- _Activity_
Repeat each entry exactly; omit all pictures.
------------------------
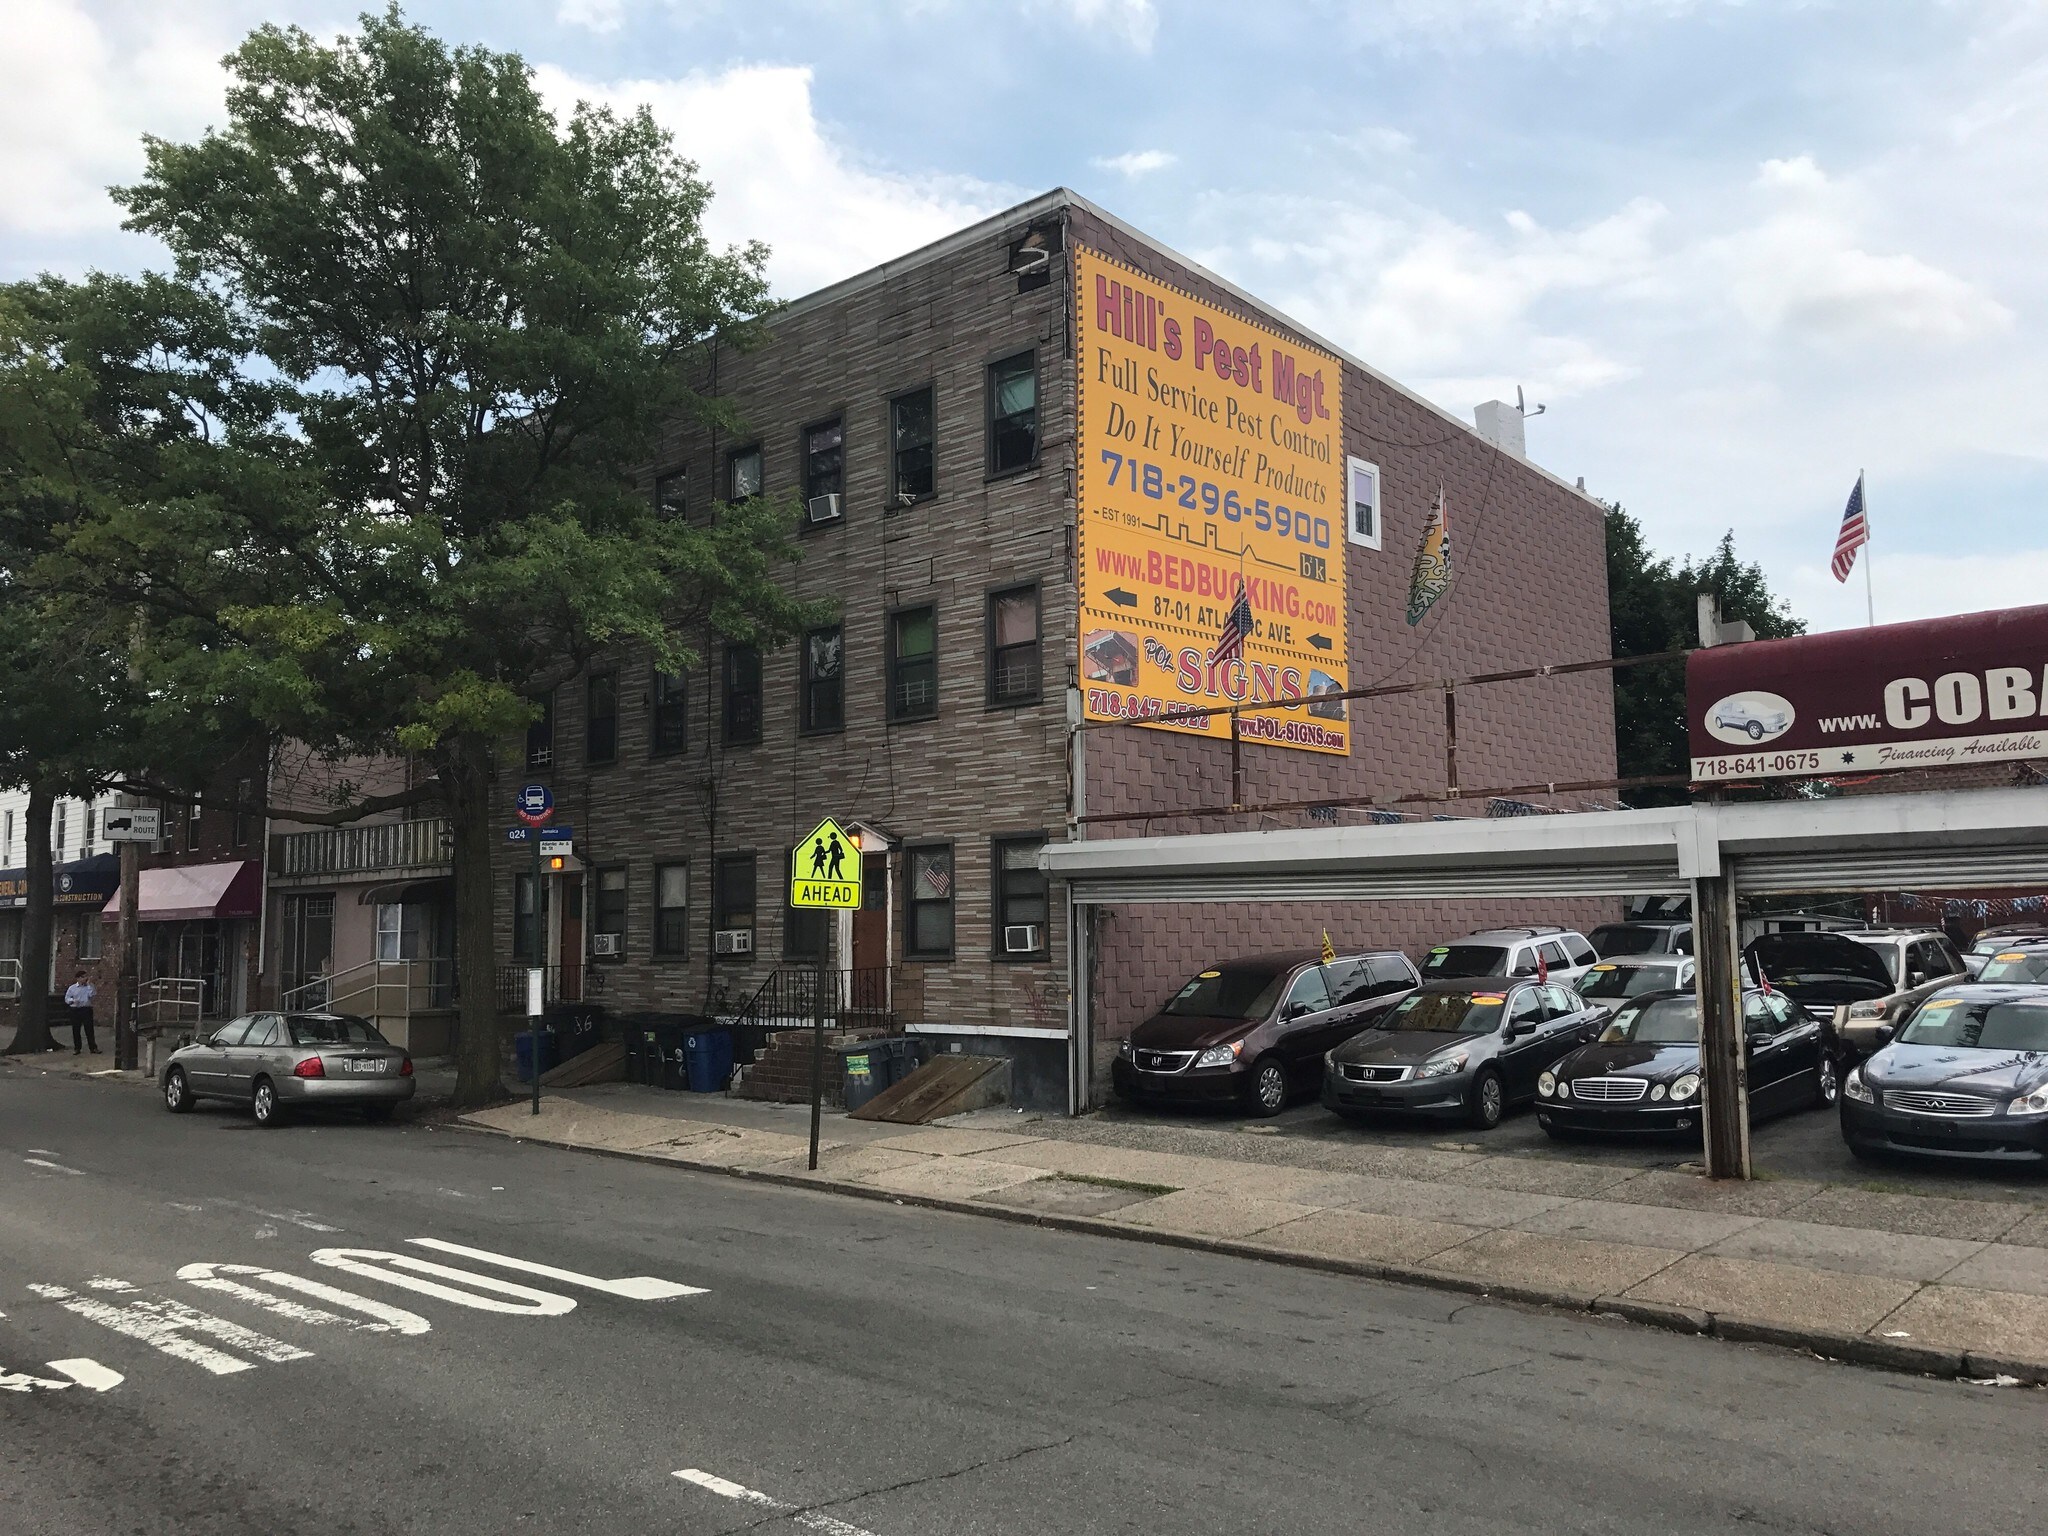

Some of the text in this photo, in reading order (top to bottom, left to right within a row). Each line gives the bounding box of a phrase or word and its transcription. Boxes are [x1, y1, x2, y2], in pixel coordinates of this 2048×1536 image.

[1096, 273, 1330, 425] Hill's Pest Mgt.
[1097, 346, 1331, 465] Full Service Pest Control
[1105, 401, 1327, 505] Do It Yourself Products
[1101, 449, 1330, 550] 718-296-5900
[1102, 506, 1140, 529] EST 1991
[1154, 596, 1296, 646] 87-01 ATLAC AVE.
[1144, 636, 1176, 674] POL
[1817, 664, 2048, 733] www.COB
[1696, 735, 2041, 777] 718-641-0675 Financing Available
[133, 826, 156, 834] ROUTE
[134, 815, 156, 823] TRUCK
[509, 829, 526, 839] Q24
[519, 809, 551, 821] NO STANDING
[60, 893, 103, 902] CONSTRUCTION
[801, 885, 852, 903] AHEAD
------------------------
- _Solution to the problem_
Some of the text in this photo, in reading order (top to bottom, left to right within a row). Each line gives the bounding box of a phrase or word and its transcription. Boxes are [x1, y1, x2, y2], in pixel coordinates of this 2048×1536 image.

[1096, 273, 1330, 425] Hill's Pest Mgt.
[1097, 346, 1331, 465] Full Service Pest Control
[1105, 401, 1327, 505] Do It Yourself Products
[1101, 449, 1330, 550] 718-296-5900
[1102, 506, 1140, 529] EST 1991
[1154, 596, 1296, 646] 87-01 ATLAC AVE.
[1144, 636, 1176, 674] POL
[1817, 664, 2048, 733] www.COB
[1696, 735, 2041, 777] 718-641-0675 Financing Available
[133, 826, 156, 834] ROUTE
[134, 815, 156, 823] TRUCK
[509, 829, 526, 839] Q24
[519, 809, 551, 821] NO STANDING
[60, 893, 103, 902] CONSTRUCTION
[801, 885, 852, 903] AHEAD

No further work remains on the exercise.